Appendix: U.S. Preventive Services Task Force
Update of the 2004 U.S. Preventive Services Task Force statement about screening for syphilis in pregnancy.
The U.S. Preventive Services Task Force did a targeted literature search for evidence on the benefits of screening, the harms of screening, and the harms of treatment of syphilis with penicillin during pregnancy.
Screen all pregnant women for syphilis infection. (Grade A recommendation.)
The U.S. Preventive Services Task Force (USPSTF) makes recommendations about preventive care services for patients without recognized signs or symptoms of the target condition.
It bases its recommendations on a systematic review of the evidence of the benefits and harms and an assessment of the net benefit of the service.
The USPSTF recognizes that clinical or policy decisions involve more considerations than this body of evidence alone. Clinicians and policymakers should understand the evidence but individualize decision making to the specific patient or situation.
The USPSTF recommends that clinicians screen all pregnant women for syphilis infection. This is a grade A recommendation.
See the Figure for a summary of the recommendation and suggestions for clinical practice.
USPSTF = U.S. Preventive Services Task Force.
Table 1 describes the USPSTF grades, and Table 2 describes the USPSTF classification of levels of certainty about net benefit. Both are also available at http://www.annals.org.
Untreated syphilis during pregnancy is associated with stillbirth, neonatal death, bone deformities, and neurologic impairment.

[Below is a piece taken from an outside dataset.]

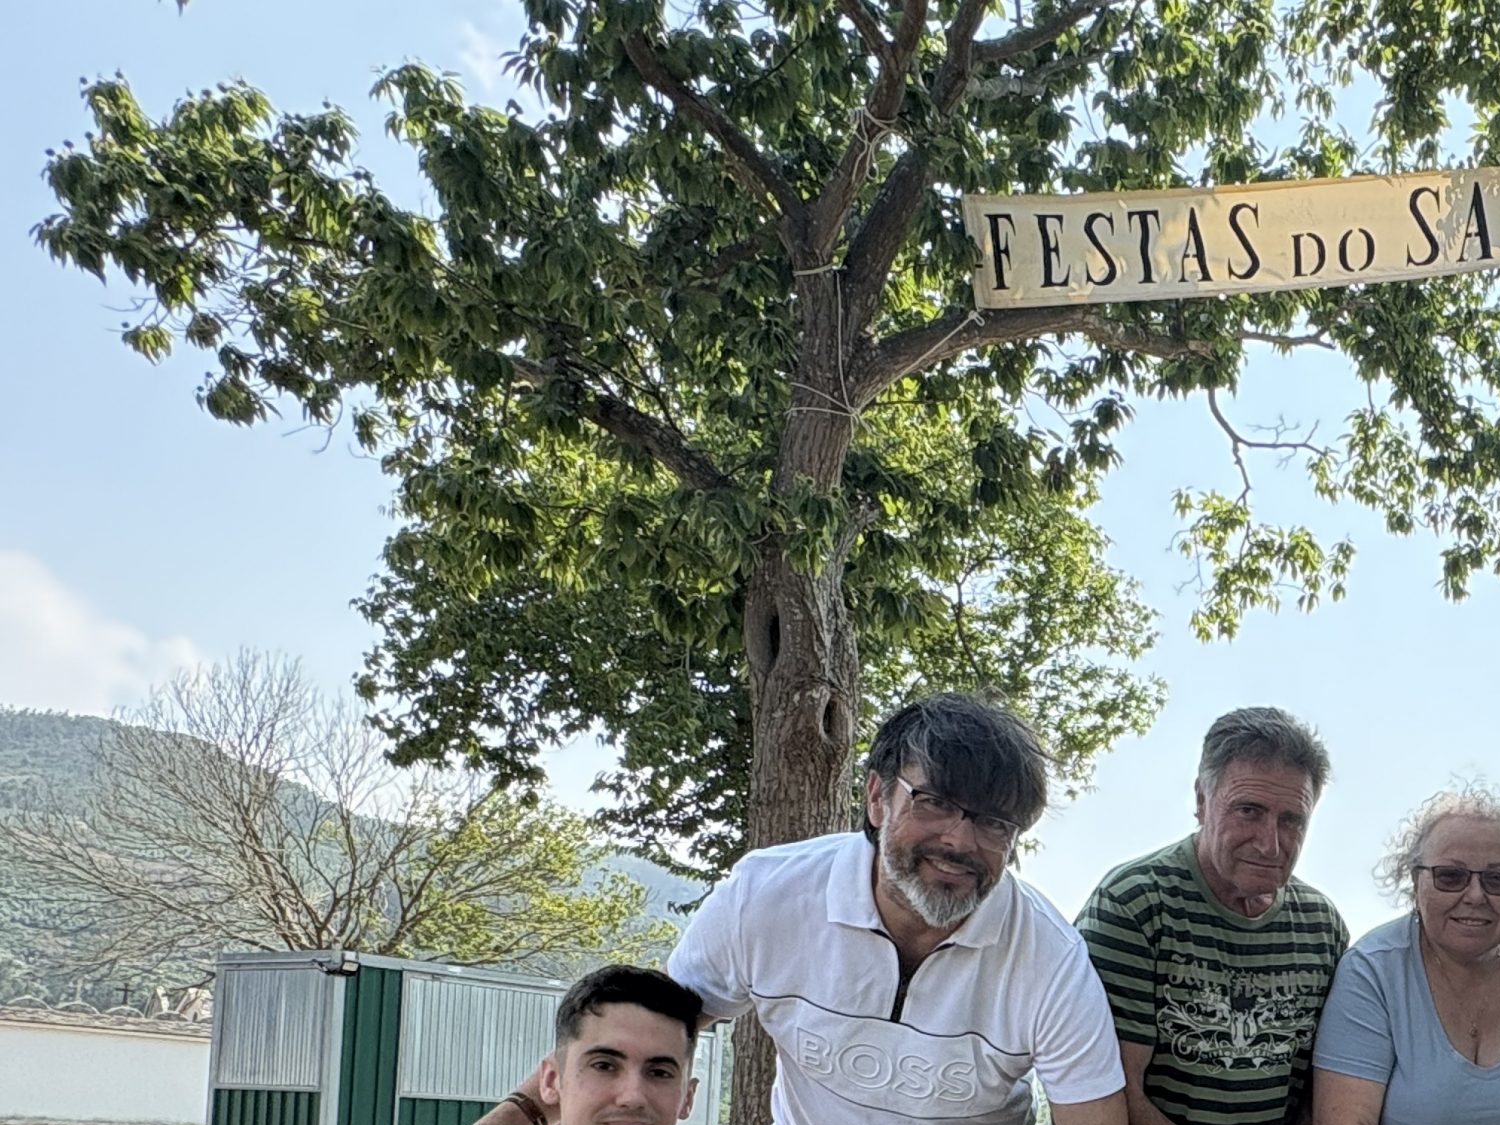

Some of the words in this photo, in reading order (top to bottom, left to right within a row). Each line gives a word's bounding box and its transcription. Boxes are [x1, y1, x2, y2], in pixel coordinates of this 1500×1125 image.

[984, 203, 1260, 291] FESTAS
[1293, 228, 1376, 278] DO
[796, 1027, 976, 1102] BOSS

There is adequate evidence that screening tests can accurately detect syphilis infection.
The USPSTF found convincing observational evidence that the universal screening of pregnant women decreases the proportion of infants with clinical manifestations of syphilis infection.
Screening and treatment may result in potential harms, including false-positive results that require clinical evaluation, unnecessary anxiety to the patient, and harms of antibiotic use. However, the USPSTF concluded that the harm from screening is no greater than small.
The USPSTF concludes with high certainty that the net benefit of screening is substantial for pregnant women.
This recommendation applies to pregnant women.
Pregnant women who are at increased risk for syphilis infection include uninsured women, women living in poverty, sex workers, illicit drug users, and women in communities with high syphilis morbidity (1). The prevalence of syphilis infection differs by region (it is higher in the southern United States and in some metropolitan areas than it is in the United States as a whole) and by ethnicity (it is higher in Hispanic and African-American populations than in the white population). Persons in whom sexually transmitted diseases have been diagnosed may be more likely than others to engage in high-risk behavior, which places them at increased risk for syphilis.
Nontreponemal tests commonly used for initial screening are the Venereal Disease Research Laboratory (VDRL) test or the rapid plasma reagin (RPR) test. These are typically followed by a confirmatory fluorescent treponemal antibody absorbed test or Treponema pallidum particle agglutination (TPPA) test.
The Centers for Disease Control and Prevention (CDC) has outlined appropriate treatment of syphilis in pregnancy (http://www.cdc.gov/std/treatment/). In its 2006 sexually transmitted disease treatment guidelines, the CDC recommends parenteral benzathine penicillin G for the treatment of syphilis in pregnancy. Evidence on the efficacy or safety of alternative antibiotics in pregnancy is limited; therefore, women who report penicillin allergies should be evaluated for penicillin allergies and, if present, desensitized and treated with penicillin. Because the CDC updates these recommendations regularly, clinicians are encouraged to access the CDC Web site (http://www.cdc.gov/std/treatment/) to obtain the most up-to-date information.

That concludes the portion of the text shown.